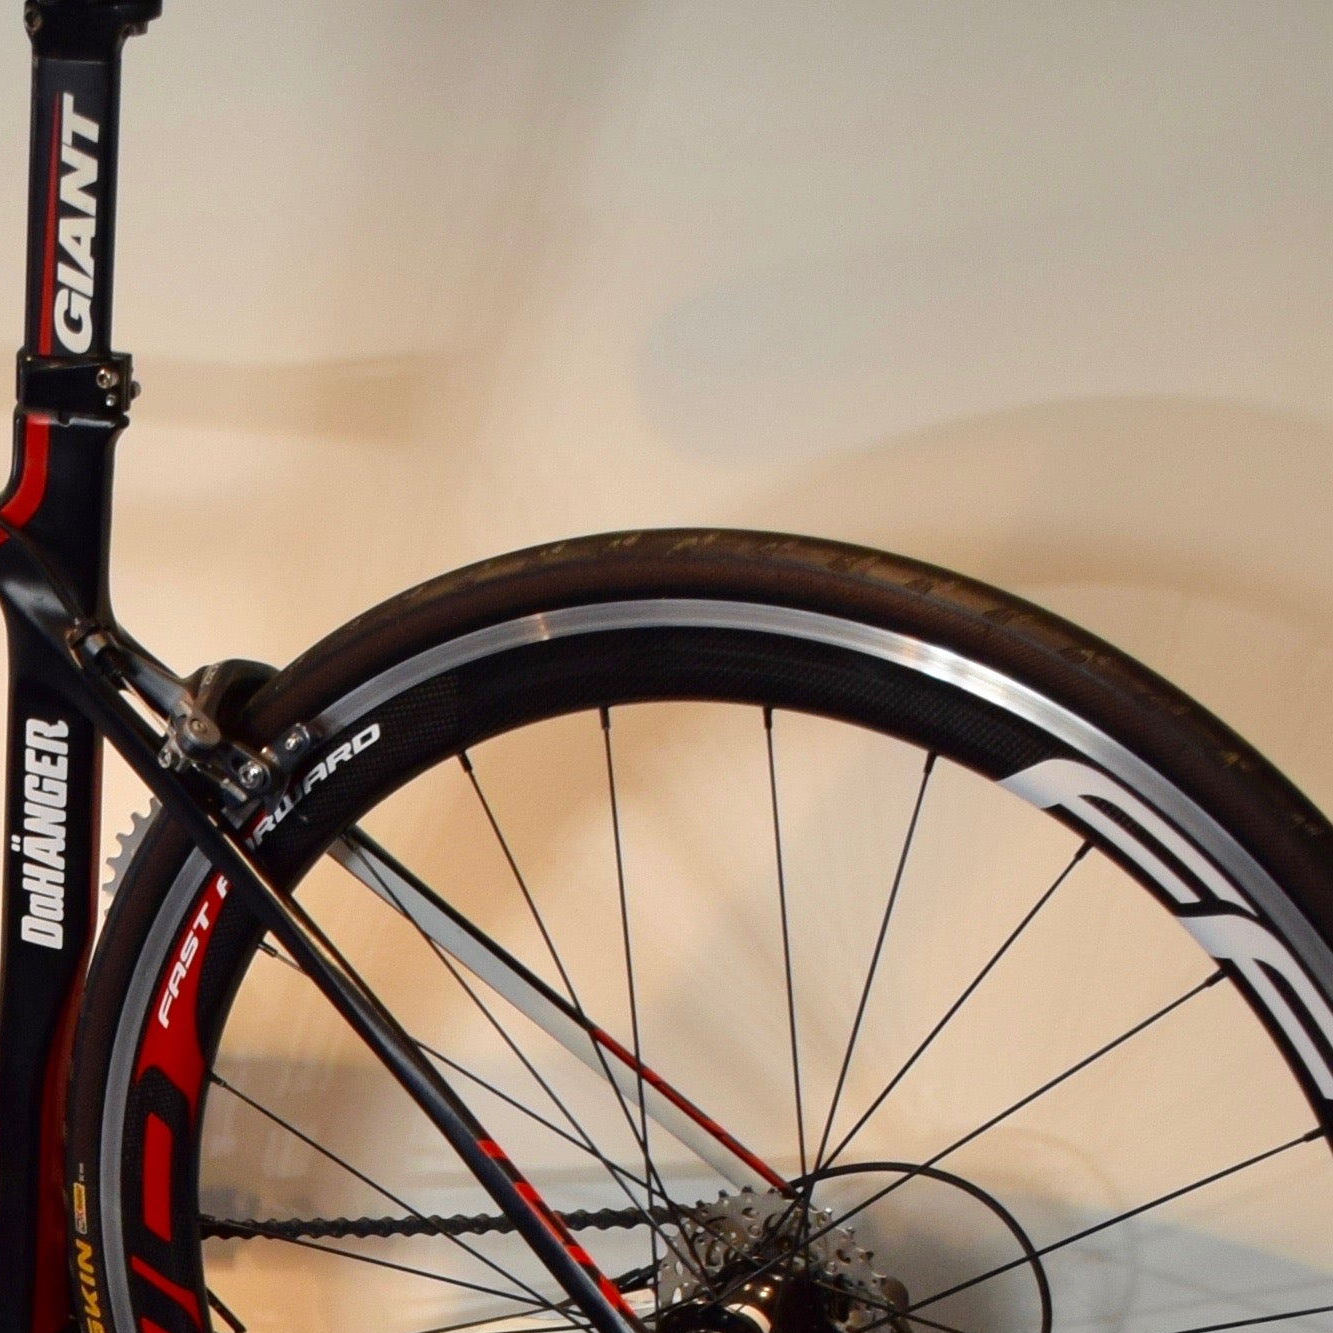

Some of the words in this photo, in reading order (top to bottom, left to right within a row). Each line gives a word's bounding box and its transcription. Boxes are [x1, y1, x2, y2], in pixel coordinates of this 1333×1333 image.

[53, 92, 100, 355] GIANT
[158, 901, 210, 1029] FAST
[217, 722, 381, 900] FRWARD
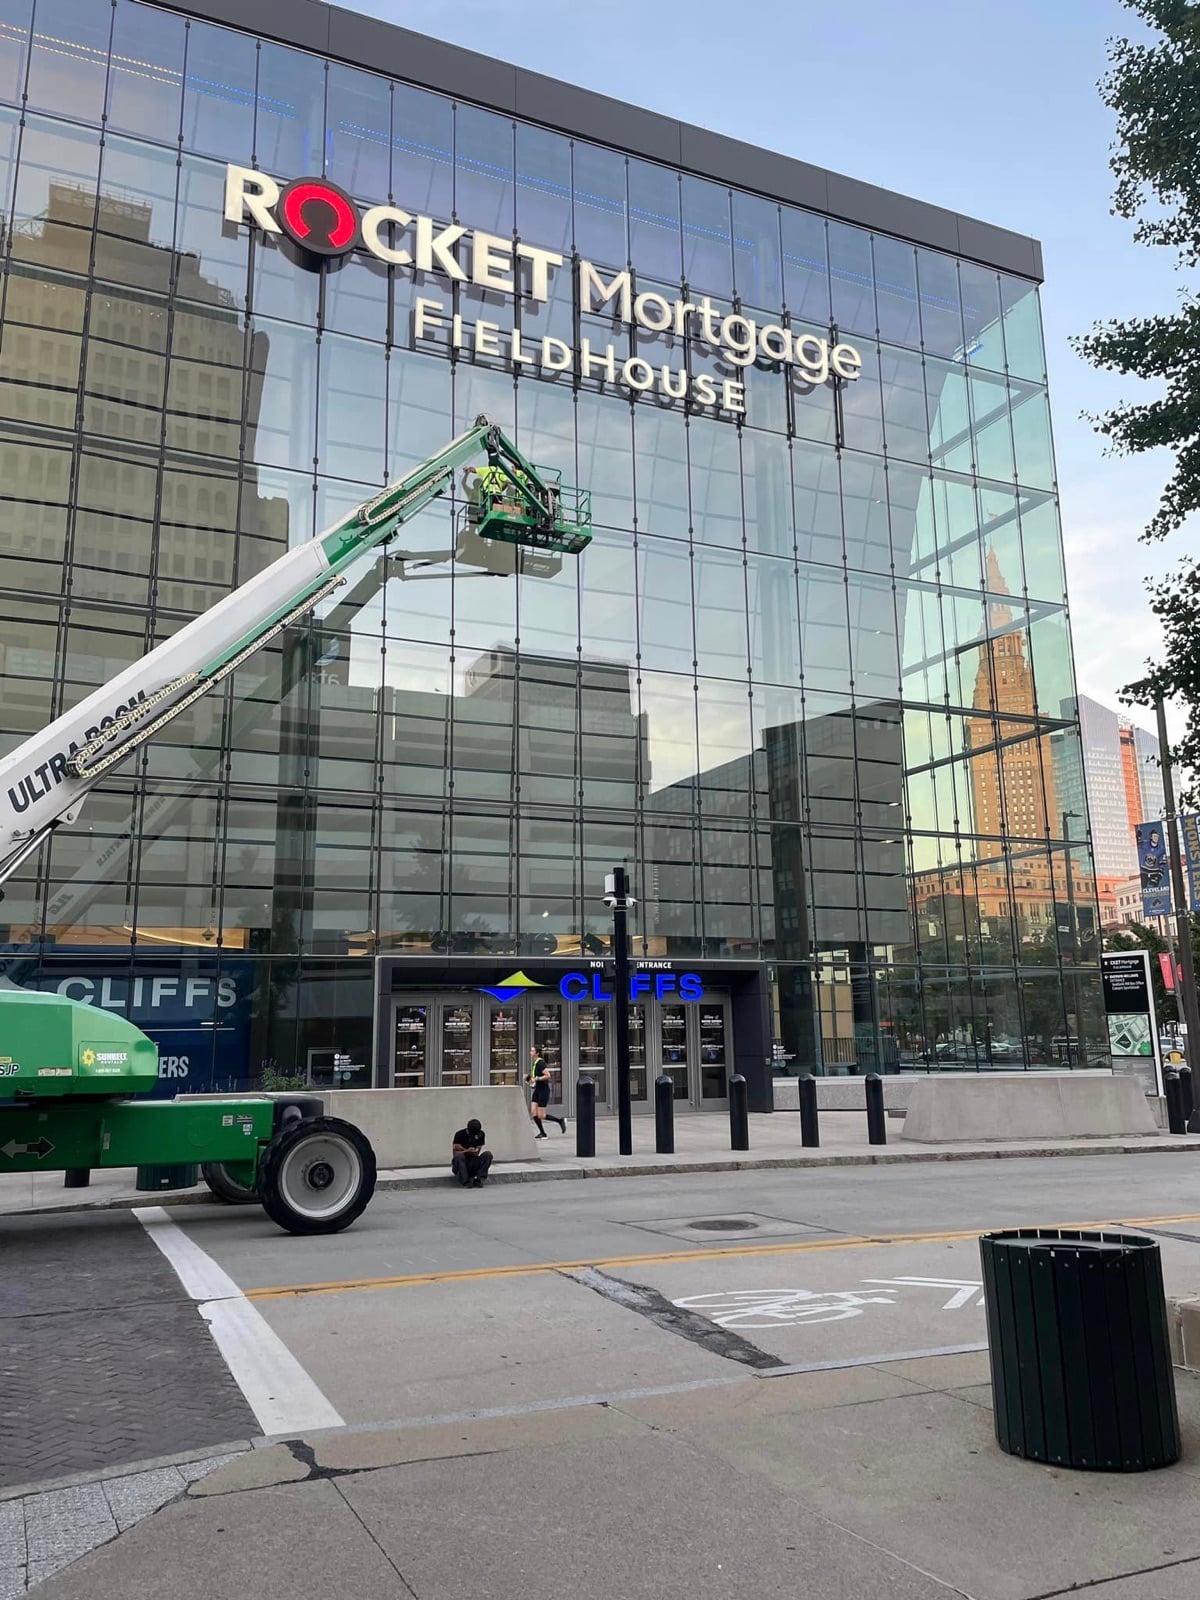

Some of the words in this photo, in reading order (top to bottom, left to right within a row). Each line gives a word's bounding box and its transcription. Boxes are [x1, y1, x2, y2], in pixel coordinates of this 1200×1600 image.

* * *

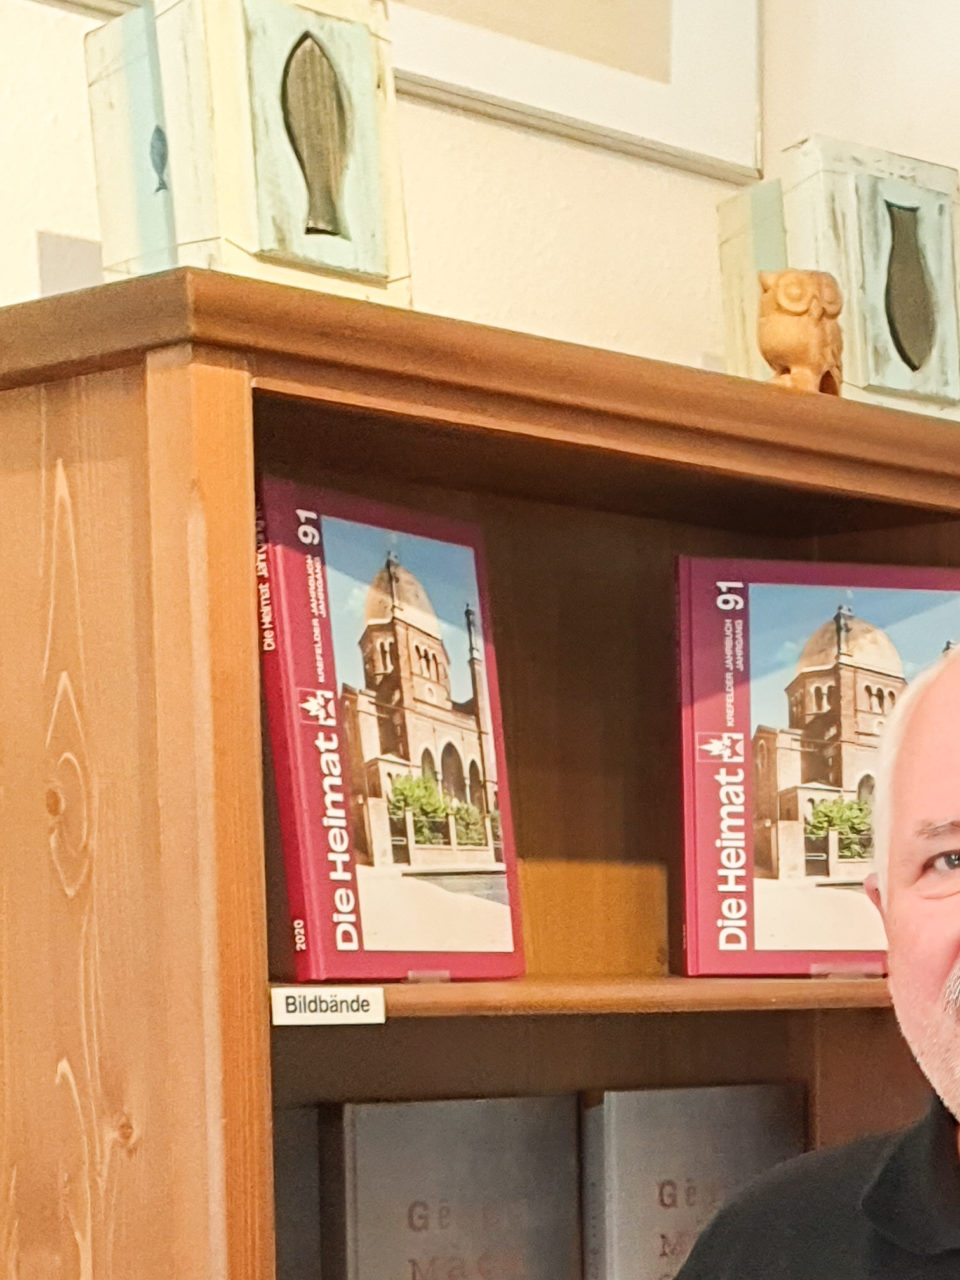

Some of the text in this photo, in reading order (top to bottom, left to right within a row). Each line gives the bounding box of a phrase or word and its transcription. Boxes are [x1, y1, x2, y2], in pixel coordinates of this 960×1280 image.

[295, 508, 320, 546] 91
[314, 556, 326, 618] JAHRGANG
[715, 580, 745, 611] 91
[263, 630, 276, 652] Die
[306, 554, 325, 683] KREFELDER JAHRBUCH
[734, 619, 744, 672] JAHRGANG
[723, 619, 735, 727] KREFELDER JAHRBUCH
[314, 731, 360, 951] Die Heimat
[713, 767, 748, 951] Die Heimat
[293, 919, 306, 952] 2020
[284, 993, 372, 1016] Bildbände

WHAT YOU WILL DO: Give exactly the lines above that run from the line with "this 1333×1333 image." to the line with "this 1200×1600 image.", both included, leaving every picture out.

ANSWER AREA:
Some of the words in this photo, in reading order (top to bottom, left to right within a row). Each line gives a word's bounding box and its transcription. Boxes are [x1, y1, x2, y2], in pixel coordinates of this 1333×1333 image.

[53, 92, 100, 355] GIANT
[158, 901, 210, 1029] FAST
[217, 722, 381, 900] FRWARD

Some of the words in this photo, in reading order (top to bottom, left to right within a row). Each line gives a word's bounding box and its transcription. Boxes are [x1, y1, x2, y2], in pixel coordinates of this 1200×1600 image.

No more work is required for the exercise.